Caro Direttore, due anni fa, a Genova, sul Bisagno e sugli altri torrenti che sotto-attraversano la città lavoravano solo avvocati e giuristi, giravano solo le carte dei ricorsi e dei controricorsi.
Oggi vediamo operai e ingegneri, betoniere e camion e, finalmente, inauguriamo il cantiere del rifacimento dell’ultimo tratto del torrente per l’allargamento della sezione idraulica. È un’opera da 95 milioni che si aggiunge agli altri 8 cantieri anti-alluvione per un totale di 402 milioni che lo Stato investe perché Genova non resti ostaggio delle alluvioni.
È il più grande investimento in atto per la difesa idrogeologica in una grande città europea. Sono interventi in corso immaginati e attesi da decenni dopo aver visto dolore, tanta rabbia, solidarietà concreta, contestazioni, danni enormi, disperazione. Voltiamo pagina, ci lasciamo alle spalle gli errori idraulici e le urbanizzazioni incoscienti che hanno reso fragilissima questa terra aumentando il rischio di alluvioni e frane e facendo franare la credibilità della politica e dello Stato. Sì, è una pagina che andava chiusa, e noi questo abbiamo iniziato a fare, molto concretamente, partendo dall’abbattimento, con il decreto Sblocca Italia, delle burocrazie ostili e delle lungaggini insopportabili, che hanno portato negli anni alla dittatura dei ricorsi.
Due anni fa presi un impegno preciso come Governo con l’istituzione dell’unità di missione #Italiasicura. Oggi, con “Casa Italia”, rafforziamo il concetto passando dall’inseguire sempre ogni emergenza alla prevenzione strutturale, per ridurre il più possibile gli impatti dei grandi rischi naturali amplificati purtroppo e quasi sempre dalla mano dell’uomo. Sarà un cammino lungo, una prospettiva che coinvolgerà generazioni. Non era mai accaduto nella nostra storia repubblicana, e per noi il finanziamento della sicurezza è un investimento, non è una spesa. E le burocrazie europee dovranno farsene una ragione.
Porto con me le parole di un grande genovese come Renzo Piano, che ha deciso di dare una mano con le sue idee: “Inseriamo il rischio-alluvione nella quotidianità, perché non si possa più dire “è stata una fatalità””. Questo per me è un obbligo morale prima che politico che non ha e non deve avere bandiere di partito. Dividiamoci su ma su questo obiettivo dobbiamo essere uniti.

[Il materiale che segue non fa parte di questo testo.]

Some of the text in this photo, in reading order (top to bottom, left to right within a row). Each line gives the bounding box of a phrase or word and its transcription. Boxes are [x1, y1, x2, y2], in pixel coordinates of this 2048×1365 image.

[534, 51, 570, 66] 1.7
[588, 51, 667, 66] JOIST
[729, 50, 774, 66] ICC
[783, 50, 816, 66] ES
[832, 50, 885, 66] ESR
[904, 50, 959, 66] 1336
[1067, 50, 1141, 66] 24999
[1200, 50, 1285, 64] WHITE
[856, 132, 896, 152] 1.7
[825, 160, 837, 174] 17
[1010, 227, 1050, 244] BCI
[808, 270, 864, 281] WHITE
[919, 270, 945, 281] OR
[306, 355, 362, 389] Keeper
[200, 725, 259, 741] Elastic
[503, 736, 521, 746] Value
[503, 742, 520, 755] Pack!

Questo governo, ma lo dico senza retorica e con l’umiltà che serve, è accanto ai genovesi e ai liguri che hanno alle spalle tanti, troppo momenti drammatici; è con le migliaia di operatori del sistema di Protezione Civile, con il volontariato, l’esercito, gli angeli del fango, gli amministratori. E finito per tutti il tempo per bluffare. E finito il tempo in cui Roma se ne occupava per cinque giorni scarsi dopo un`alluvione, con annunci di piani faraonici senza mai crederci. E chiudeva gli occhi su abusi e cemento. E inseguiva le tragediea come un tristissimo ufficio notarile solo per contare disastri e vittime.

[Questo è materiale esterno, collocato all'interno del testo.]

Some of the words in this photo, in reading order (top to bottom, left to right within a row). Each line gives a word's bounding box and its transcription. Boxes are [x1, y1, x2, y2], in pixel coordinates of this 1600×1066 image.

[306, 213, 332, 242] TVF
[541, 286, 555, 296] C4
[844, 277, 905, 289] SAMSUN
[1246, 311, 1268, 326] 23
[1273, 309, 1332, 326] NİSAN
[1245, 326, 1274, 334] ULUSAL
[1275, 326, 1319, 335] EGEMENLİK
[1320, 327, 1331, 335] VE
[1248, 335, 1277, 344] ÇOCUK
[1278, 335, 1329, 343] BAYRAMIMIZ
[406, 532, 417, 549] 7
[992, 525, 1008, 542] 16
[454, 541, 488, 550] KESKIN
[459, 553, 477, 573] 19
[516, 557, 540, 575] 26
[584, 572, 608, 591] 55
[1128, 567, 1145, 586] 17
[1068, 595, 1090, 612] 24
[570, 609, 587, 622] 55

Se c’è stata una Italia che ha saputo solo lamentarsi o sbraitare, se c’è chi continua a farlo magari sperando che vada sempre tutto male anche oggi in vista del referendum del 4 dicembre che cambierà finalmente in meglio la politica e lo Stato, noi ci rimbocchiamo le maniche. Il nostro destino di italiani non è aspettare la prossima alluvione o la prossima frana o le macerie di un terremoto, ma è la loro prevenzione, è il presidio della sicurezza del territorio, è la qualità dei progetti, è la garanzia della loro messa in opera.
Chi ci guarda, si meraviglia che il Paese più bello, geniale e meraviglioso del mondo, dei più coraggiosi navigatori, degli italiani sempre primi nelle soluzioni tecniche per affrontare qualsiasi problema, bravissimi ad esportarle all’estero, possa essere ancora in balia degli eventi. Se ce la facciamo qui, a Genova, ce la farà l’Italia intera. Facciamo vedere, con un gioco di squadra, di cosa siamo capaci.